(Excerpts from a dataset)

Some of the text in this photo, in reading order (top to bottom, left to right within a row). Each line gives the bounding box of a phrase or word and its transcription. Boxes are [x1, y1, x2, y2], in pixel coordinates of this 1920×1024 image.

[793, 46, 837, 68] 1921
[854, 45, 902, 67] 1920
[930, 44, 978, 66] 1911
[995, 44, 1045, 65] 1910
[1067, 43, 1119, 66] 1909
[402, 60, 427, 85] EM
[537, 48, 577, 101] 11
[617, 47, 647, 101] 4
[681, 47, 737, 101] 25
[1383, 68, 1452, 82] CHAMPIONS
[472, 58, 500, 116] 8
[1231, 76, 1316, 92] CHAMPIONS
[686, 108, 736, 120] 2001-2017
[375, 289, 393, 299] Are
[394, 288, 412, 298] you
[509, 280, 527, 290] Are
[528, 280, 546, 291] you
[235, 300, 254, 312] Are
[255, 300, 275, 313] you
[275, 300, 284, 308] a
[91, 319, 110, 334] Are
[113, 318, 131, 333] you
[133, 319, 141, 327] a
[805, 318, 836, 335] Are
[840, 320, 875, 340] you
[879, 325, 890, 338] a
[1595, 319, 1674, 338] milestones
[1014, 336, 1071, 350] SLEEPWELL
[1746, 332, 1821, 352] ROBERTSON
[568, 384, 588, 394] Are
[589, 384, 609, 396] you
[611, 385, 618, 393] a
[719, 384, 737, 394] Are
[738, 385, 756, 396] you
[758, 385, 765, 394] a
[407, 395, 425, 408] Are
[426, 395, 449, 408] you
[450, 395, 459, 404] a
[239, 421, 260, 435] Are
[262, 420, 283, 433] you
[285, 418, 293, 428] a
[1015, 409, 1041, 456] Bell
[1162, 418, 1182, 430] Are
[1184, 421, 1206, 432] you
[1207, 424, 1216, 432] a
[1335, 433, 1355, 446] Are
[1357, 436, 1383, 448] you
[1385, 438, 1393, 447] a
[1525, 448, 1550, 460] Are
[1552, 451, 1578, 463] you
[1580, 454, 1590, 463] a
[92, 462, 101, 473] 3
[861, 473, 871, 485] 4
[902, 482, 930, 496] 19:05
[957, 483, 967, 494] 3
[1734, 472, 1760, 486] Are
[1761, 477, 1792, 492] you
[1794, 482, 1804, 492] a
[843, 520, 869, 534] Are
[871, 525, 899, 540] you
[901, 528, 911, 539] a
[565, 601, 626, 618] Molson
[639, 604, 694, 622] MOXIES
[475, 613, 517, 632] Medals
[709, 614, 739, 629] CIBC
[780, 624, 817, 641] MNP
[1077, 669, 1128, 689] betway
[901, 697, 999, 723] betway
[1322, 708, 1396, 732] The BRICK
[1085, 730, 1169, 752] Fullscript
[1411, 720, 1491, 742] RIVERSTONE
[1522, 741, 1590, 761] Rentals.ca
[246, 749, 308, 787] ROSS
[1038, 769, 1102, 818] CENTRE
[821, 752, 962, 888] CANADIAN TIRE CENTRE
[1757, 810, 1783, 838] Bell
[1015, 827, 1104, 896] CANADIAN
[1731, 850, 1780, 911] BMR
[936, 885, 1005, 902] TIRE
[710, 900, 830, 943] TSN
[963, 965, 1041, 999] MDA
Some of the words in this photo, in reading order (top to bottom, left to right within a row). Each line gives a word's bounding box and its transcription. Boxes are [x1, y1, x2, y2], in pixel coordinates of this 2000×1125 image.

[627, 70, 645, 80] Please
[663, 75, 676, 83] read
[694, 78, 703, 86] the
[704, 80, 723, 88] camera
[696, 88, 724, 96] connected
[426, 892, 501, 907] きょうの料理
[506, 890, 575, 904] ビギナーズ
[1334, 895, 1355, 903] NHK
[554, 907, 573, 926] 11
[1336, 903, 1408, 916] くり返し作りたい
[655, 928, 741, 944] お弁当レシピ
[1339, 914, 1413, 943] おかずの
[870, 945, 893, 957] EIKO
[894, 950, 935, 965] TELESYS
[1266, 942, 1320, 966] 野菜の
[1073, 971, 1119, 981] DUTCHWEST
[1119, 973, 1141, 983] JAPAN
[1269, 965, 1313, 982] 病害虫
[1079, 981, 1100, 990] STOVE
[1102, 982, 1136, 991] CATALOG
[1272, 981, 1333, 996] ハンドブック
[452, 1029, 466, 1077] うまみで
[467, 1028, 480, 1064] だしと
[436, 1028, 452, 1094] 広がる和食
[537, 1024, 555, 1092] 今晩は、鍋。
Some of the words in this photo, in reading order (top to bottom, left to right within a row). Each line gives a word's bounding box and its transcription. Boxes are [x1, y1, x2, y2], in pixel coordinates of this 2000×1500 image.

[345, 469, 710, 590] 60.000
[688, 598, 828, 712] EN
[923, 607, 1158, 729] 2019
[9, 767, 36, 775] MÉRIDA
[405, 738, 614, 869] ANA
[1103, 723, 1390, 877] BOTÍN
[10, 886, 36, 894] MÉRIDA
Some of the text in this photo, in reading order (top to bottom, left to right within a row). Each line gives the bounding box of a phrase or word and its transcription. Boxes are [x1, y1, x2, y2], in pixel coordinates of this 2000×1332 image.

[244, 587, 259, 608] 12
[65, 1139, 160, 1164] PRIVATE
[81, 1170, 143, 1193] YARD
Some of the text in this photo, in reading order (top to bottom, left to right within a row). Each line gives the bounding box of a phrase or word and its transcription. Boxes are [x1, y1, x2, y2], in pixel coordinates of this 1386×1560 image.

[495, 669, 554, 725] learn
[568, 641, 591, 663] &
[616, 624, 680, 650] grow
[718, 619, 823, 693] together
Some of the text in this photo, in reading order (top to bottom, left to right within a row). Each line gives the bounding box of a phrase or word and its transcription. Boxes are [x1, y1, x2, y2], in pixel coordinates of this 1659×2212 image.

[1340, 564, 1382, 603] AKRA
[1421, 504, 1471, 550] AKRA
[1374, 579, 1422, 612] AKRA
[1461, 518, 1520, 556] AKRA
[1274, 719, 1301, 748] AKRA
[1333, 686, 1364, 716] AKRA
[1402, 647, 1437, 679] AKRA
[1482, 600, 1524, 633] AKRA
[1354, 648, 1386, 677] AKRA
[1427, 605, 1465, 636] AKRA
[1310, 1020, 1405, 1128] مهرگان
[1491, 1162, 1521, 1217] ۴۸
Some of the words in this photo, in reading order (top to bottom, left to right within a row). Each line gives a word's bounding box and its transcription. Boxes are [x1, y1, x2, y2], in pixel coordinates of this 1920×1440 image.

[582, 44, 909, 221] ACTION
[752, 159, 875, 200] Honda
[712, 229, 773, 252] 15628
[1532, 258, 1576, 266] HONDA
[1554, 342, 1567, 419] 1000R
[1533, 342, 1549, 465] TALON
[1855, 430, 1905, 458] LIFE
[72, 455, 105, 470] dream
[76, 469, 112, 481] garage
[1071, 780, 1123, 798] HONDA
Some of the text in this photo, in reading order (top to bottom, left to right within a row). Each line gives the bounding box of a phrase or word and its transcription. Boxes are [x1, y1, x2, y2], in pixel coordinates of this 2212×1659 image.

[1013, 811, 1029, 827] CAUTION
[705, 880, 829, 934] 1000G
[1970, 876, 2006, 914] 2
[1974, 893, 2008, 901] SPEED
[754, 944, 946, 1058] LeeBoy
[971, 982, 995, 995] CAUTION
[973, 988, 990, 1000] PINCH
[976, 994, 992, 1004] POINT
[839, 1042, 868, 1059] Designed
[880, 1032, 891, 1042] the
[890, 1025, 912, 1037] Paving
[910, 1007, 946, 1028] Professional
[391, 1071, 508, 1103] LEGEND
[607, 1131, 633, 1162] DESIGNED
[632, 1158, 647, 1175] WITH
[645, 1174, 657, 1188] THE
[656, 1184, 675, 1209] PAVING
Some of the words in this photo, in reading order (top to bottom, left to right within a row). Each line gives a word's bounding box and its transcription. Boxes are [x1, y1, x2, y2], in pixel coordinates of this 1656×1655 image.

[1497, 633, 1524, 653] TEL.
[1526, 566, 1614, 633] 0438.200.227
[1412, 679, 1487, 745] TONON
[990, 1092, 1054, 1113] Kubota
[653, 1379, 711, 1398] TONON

# ACTIVITY:
Where the line containing "this 1656×1655 image." appears in the records above, begin copying and continue through the last line; copy each line exactly and include no others.

# THE COMPLETED TASK:
Some of the words in this photo, in reading order (top to bottom, left to right within a row). Each line gives a word's bounding box and its transcription. Boxes are [x1, y1, x2, y2], in pixel coordinates of this 1656×1655 image.

[1497, 633, 1524, 653] TEL.
[1526, 566, 1614, 633] 0438.200.227
[1412, 679, 1487, 745] TONON
[990, 1092, 1054, 1113] Kubota
[653, 1379, 711, 1398] TONON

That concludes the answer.